Excuse me, I've somewhere else to be.
Goodbye.
Maybe there should be a tongue-in-cheek icon as well as a joke icon.
I meant this in a very light-hearted way, and it was actually addressed at other people than you. You had already demonstrated with your comments about another network that you were far from the average person who just plugs in a router and leaves it with it's default settings.
If I had actually addressed it at you, I would have done it in the same way as I have here, by actually referencing your handle.
I meant no offence.
Funnily enough, I was at Infosec yesterday and watched a demo involving an internet enabled kettle. The demonstrators setup a rogue Wireless network with same SSID as the one the kettle's connected to, but at a much higher gain. They sent a spoof packet to force the kettle to disassociate itself from the good network, it then reconnected to the rogue network with the higher broadcast power (which is unencrypted). Telnet to kettle, issue some Hayes modem style AT commands and voila! WPA2 key available, stored on kettle in plain text...
" Why not operate two separate networks in a house with an IOT network and another for your computers etc were the more sensitive data is."

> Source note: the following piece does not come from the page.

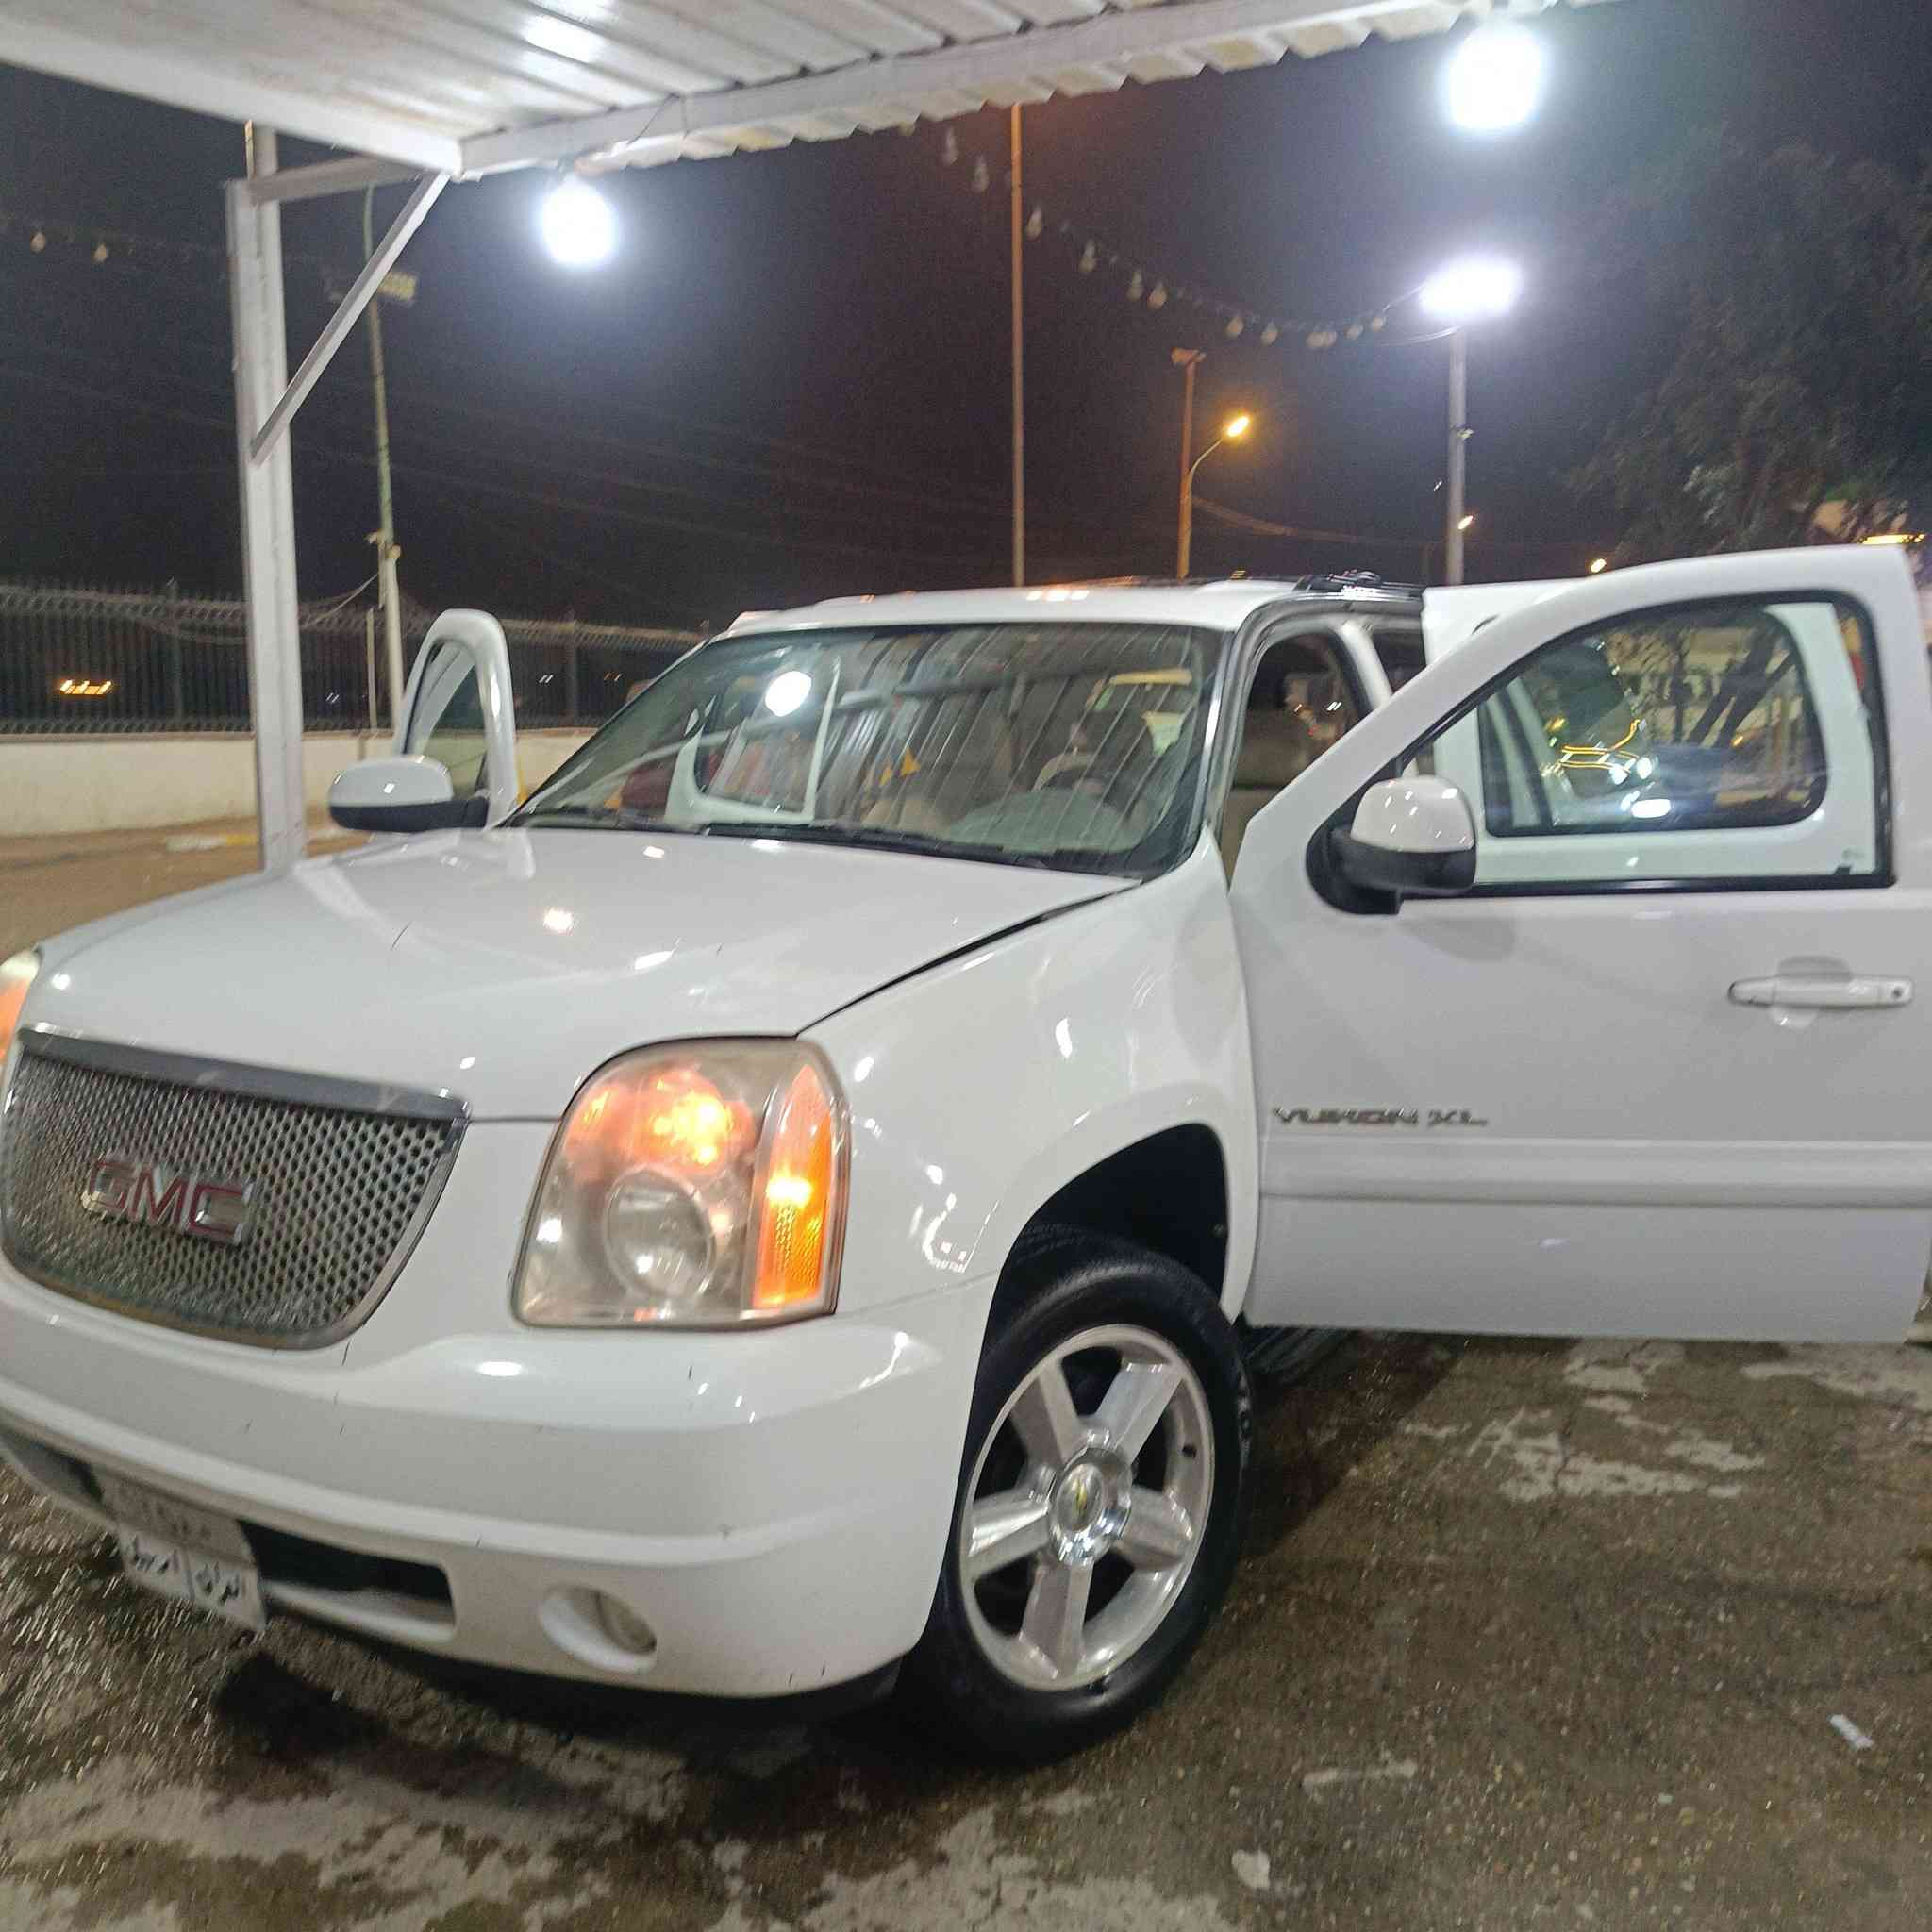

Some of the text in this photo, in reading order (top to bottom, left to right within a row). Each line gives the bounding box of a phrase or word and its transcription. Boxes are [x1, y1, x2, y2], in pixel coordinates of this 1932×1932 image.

Some routers (e.g. the newer Linksys ones) already offer something that could be used for this. They offer a guest network on the WiFi, which is blocked from accessing resources on the main network.
This does have a couple of problems though. One being that not all devices have WiFi, and it can be quite an expensive add on.
The other problem is that some devices (such as Smart TVs and smart thermostats) need access to the main network. Lets be honest, a lot of people don't buy a Smart TV because they can look at facebook on it, or to watch Youtube. They will probably use the On Demand services (such as iPlayer, Netflix etc), but they are likely to be using it a lot to view the collection of dodgy copies of TV shows they have stored on their computer. The problem for Smart Thermostats (and other smart devices, such as smart plugs) is that they are often controlled by an app, which would obviously need a way to both find the devices, and connect to them. Neither of which is going to happen if one network is separated from the other, unless the device and the app both connect to an external webservice, in which case you lose the advantage given by separation..
But..but... remote control _must_ be better. Instead of walking in to the kitchen, filling the kettle and pressing a switch then washing up while it boils I just ...err...Walk in to the kitchen to fill the kettle, back to the living room to my smartphone, watch the ads on TV that I would have previously have avoided, walk back in to the kitchen to make the tea, start washing up while it brews, miss the start of the programme.
Or I could completely fill the kettle at the start of the evening so it takes ages to boil and wastes electricity, but only means one trip?
Oh, I see now - The IoT isn't for my benefit, is it?
Now, now.... thou shalt not disparage the illustrious, time-honoured tradition of on-line coffee pots! The Hypertext Coffee Pot Control Protocol (HTCPCP a.k.a. RFC2324) also come to mind...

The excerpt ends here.